Complimenti. Mio nonno era un vecchio liberale, romagnolo e anticlericale, non aveva letto i tanti libri del Professore, e non ne aveva scritti. Ma un’idea di laicità così misera (e intollerante) l’avrebbe mandata a quel paese. Perché pensare che la laicità si realizzi in questa specie di vuoto, di assenza di alcune poche cose care, non negoziabili, insomma di valori che, spesso diversi e a volte comuni, rappresentano però qualcosa che si afferma come ciò per cui val la pena vivere, non è un’idea laica, ma è un’idea da delusi della vita.
Un’idea da sacerdoti di un idolo, scelto tra quelli meno ingombranti e però pervasivi, e perciò neo-ideologici. Un’idea da patiti dell’idolo di questa epoca: il formalismo.
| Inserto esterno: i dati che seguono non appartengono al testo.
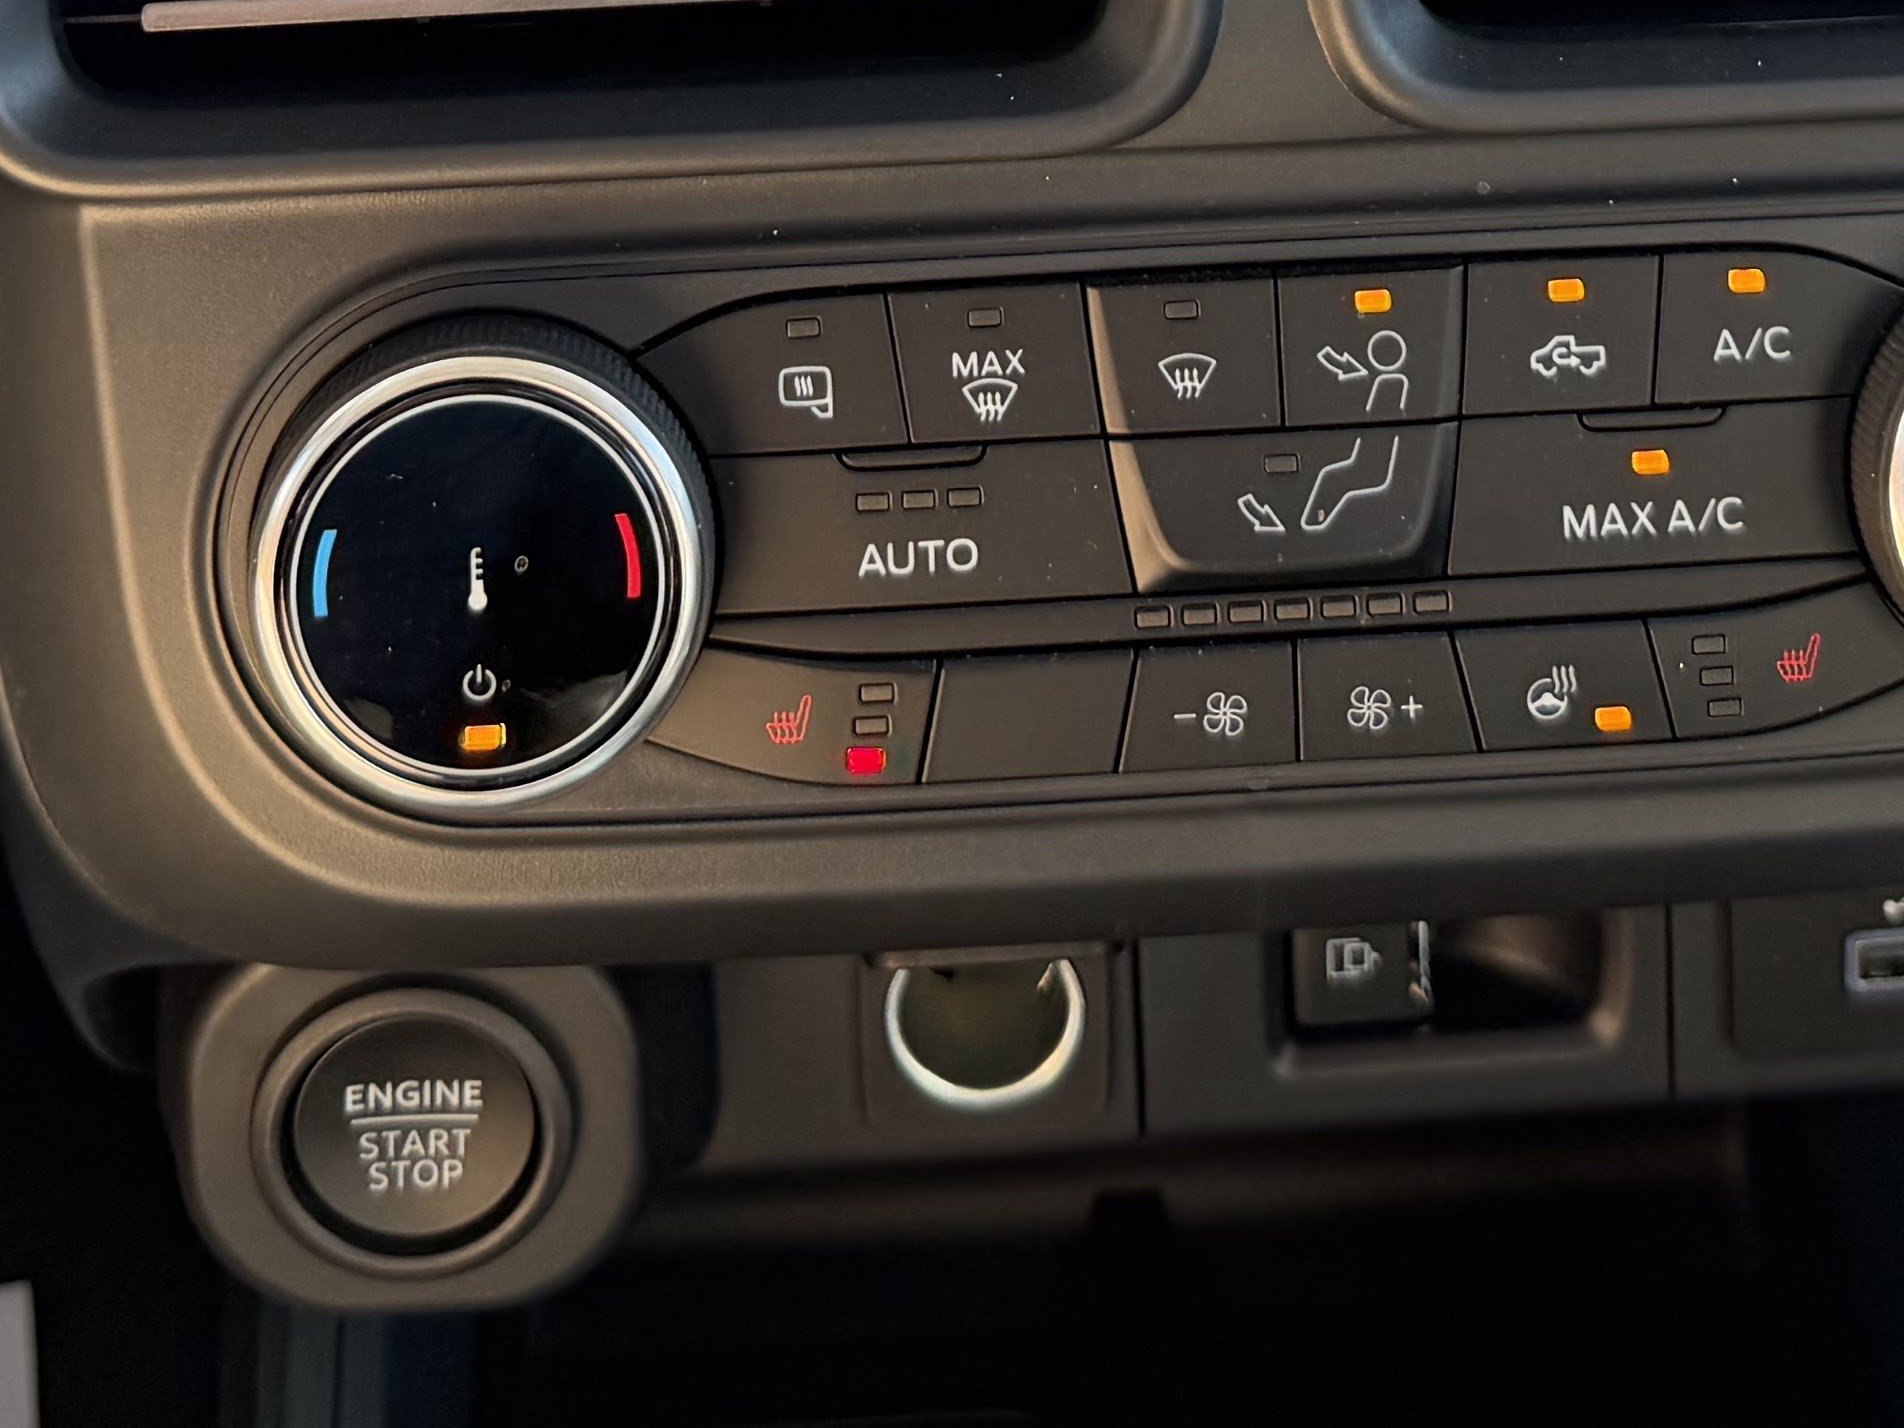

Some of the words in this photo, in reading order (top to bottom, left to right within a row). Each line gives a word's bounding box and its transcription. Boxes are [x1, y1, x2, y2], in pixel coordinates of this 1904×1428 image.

Che è sempre l’arma usata da chi ha il potere per non essere disturbato.
In questa posizione di (finta) laicità sembra quasi che emerga una strana rabbia: come quella di chi, avendo perso qualcosa di caro, esiga che nessuno ce l’abbia. E se qualcuno si azzarda a dire, ad esempio, che la vita di un uomo vale di più di una conversazione democratica, o che se non ci si prende cura dei giovani e delle nuove vite la democrazia diviene un camposanto governato a maggioranza, il laico dell’anno reagisce accusando di essere nemici della libera convivenza.
Ma cosa è questa laicità procedurale e livorosa, parruccona e tristolina, che pensa che il valore del calcio siano le regole con cui si gioca e non la bellezza del goal, la eleganza dell’azione?
Cos’ha di laico dell’anno qualcuno che usa l’idea di laicità in modo così clericale, formalista e contundente? Le uova, le urla, il ritorno di vecchie formule in bocca ai ragazzi che hanno contestato Giuliano Ferrara sono figli diretti e non figliastri di chi ritiene che la proposta – avanzata in modo democratico – di un valore non negoziabile sia pericoloso. E dunque da cacciare dalla pubblica piazza.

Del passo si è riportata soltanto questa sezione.